Neurocore’s techniques, the article notes, “are not considered standards of care for the majority of the disorders it treats, including autism,” and the Times reporters consulted “nearly a dozen child psychiatrists and psychologists with expertise in autism and attention deficit hyperactivity disorder, or ADHD, [who] expressed caution regarding some of Neurocore’s assertions, advertising, and methods.”
Times reporters note DeVos insists on retaining her investment in the company, “which she valued at $5 million to $25 million,” should she be confirmed. But her commitment to Neurocore may have more to do with something other than her financial investment.
As a Michigan-based blogger reports, Neurocore’s ideas, like many of DeVos’s fascinations, have “Christian fundamentalist roots.”
The blogger, who goes by Miss Fortune, points out the original name of Neurocore was Hope 139 which Fortune calls “a dog-whistle reference to Psalm 139” and Christian fundamentalist beliefs. As evidence, Fortune points to a press release from when Hope 139 debuted that describes the company’s mission to “assist each individual in reaching his or her God-given cognitive potential.”
Fortune notes, “Psalm 139 has been a byword of the anti-abortion movement.” And as further investigation bears out, the Bible verse is often presented as proof that life begins at conception.

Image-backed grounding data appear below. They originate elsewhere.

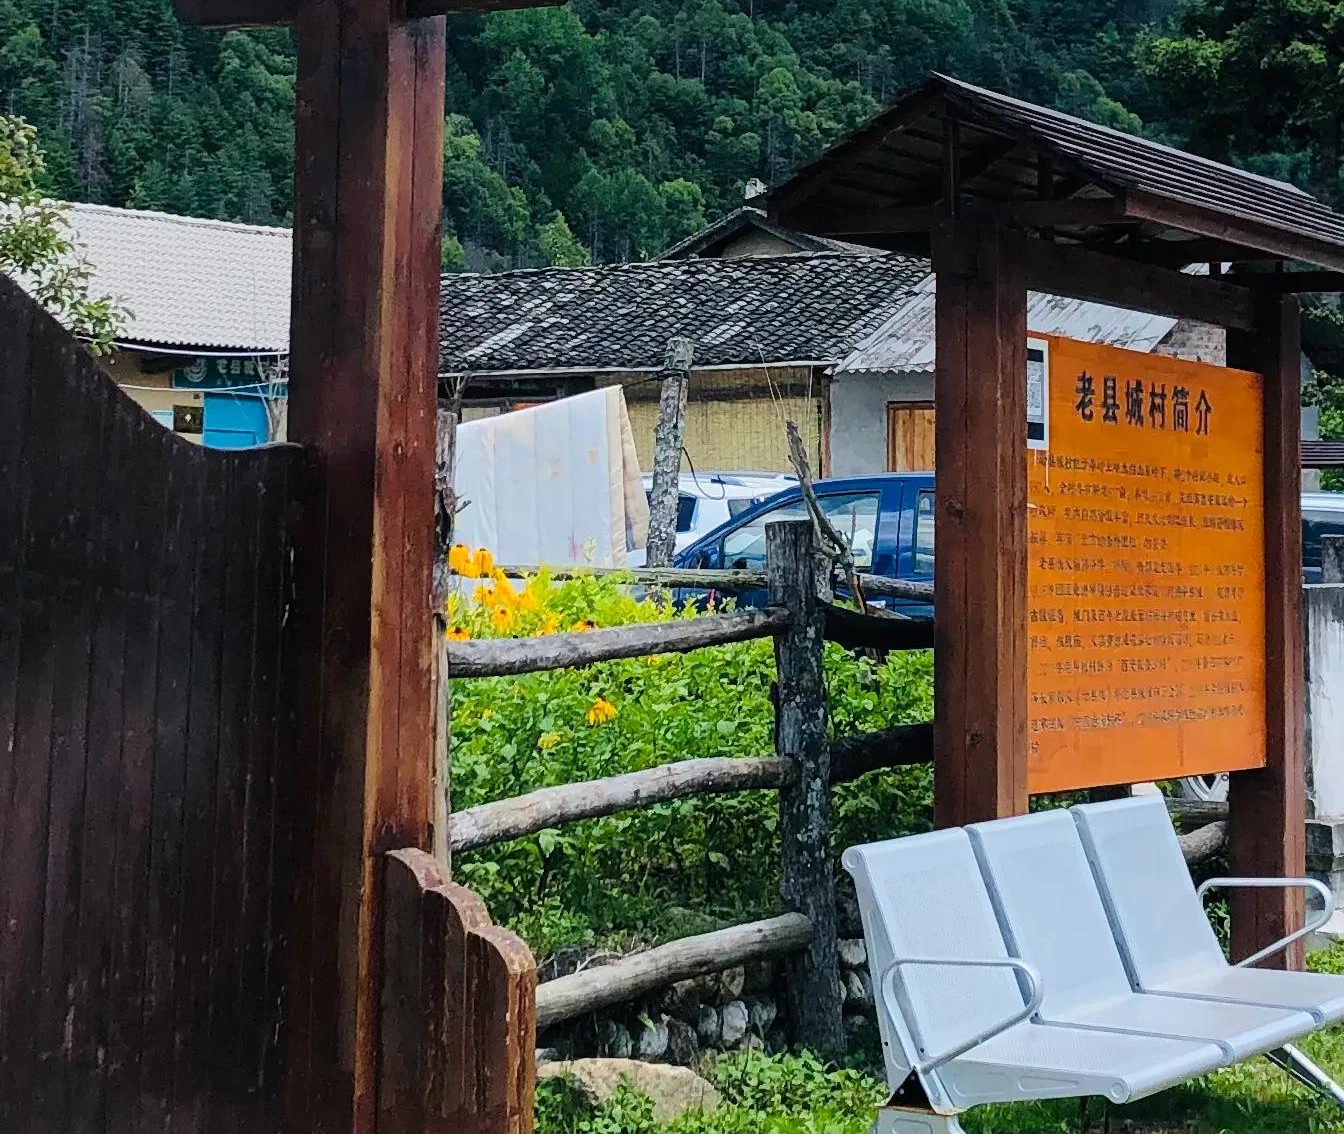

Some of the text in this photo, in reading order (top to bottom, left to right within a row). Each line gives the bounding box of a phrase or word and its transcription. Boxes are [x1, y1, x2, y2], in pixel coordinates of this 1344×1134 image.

[1074, 370, 1213, 436] 老县城村简介
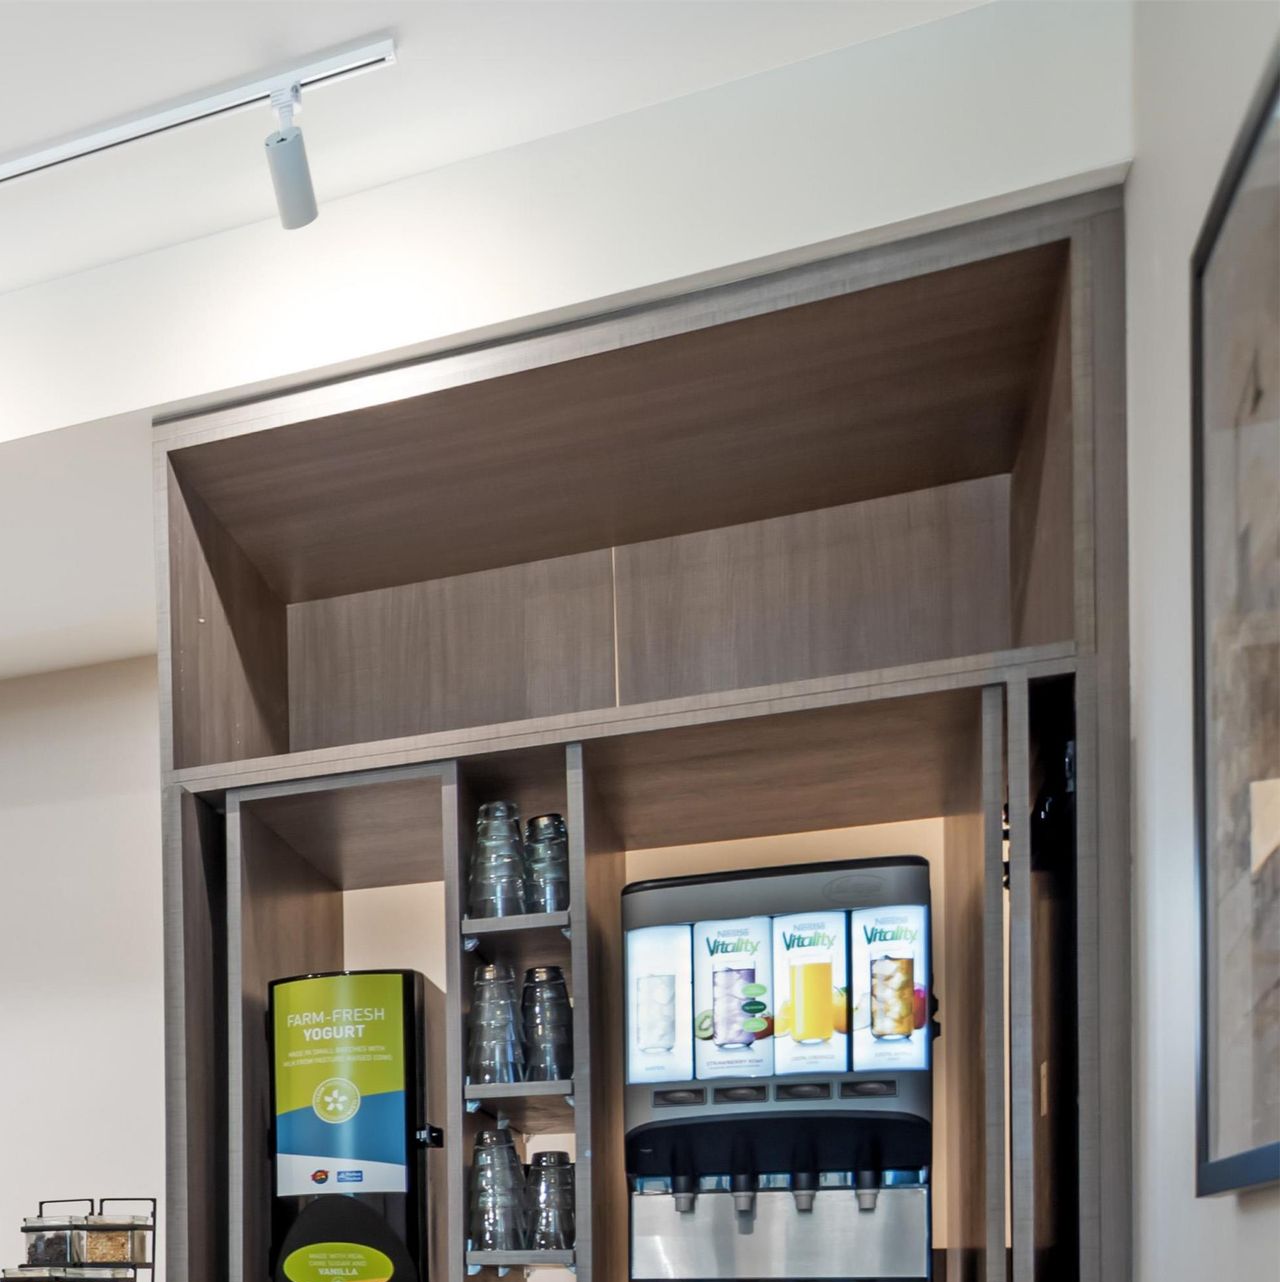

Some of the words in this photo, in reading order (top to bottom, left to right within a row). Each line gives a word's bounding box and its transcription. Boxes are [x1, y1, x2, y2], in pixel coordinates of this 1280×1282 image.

[705, 936, 761, 957] Vitality
[782, 931, 837, 951] Vitality
[287, 1008, 384, 1027] FARM-FRESH
[304, 1025, 365, 1041] YOGURT
[318, 1267, 358, 1275] VANILLA

Why DeVos’s Views On Science Matter
So would DeVos, who in her confirmation hearings, exhibited an acute misunderstanding of the federal government’s role in supporting the education of students with disabilities, promote quack science ideas from outfits like Neurocore to the nation’s schools?
We’ve seen the federal government promote these kinds of completely unfounded ideas before.
Although the Constitution prohibits the federal government from creating school curriculum, the department DeVos may be leading has considerable influence and money to influence science education programs in K-12 schools. The Education Department spends millions to fund over 30 science-related grant programs influencing research and training, instruction for student with learning disabilities, access for special student populations, and STEM education (science, technology, engineering, and math).
And while it’s true new federal legislation curbs some of the powers of the education secretary and hands over more responsibilities to states, DeVos would likely be ideologically aligned with a great many conservative Republican governors who have bought into the same bizarre ideas she has.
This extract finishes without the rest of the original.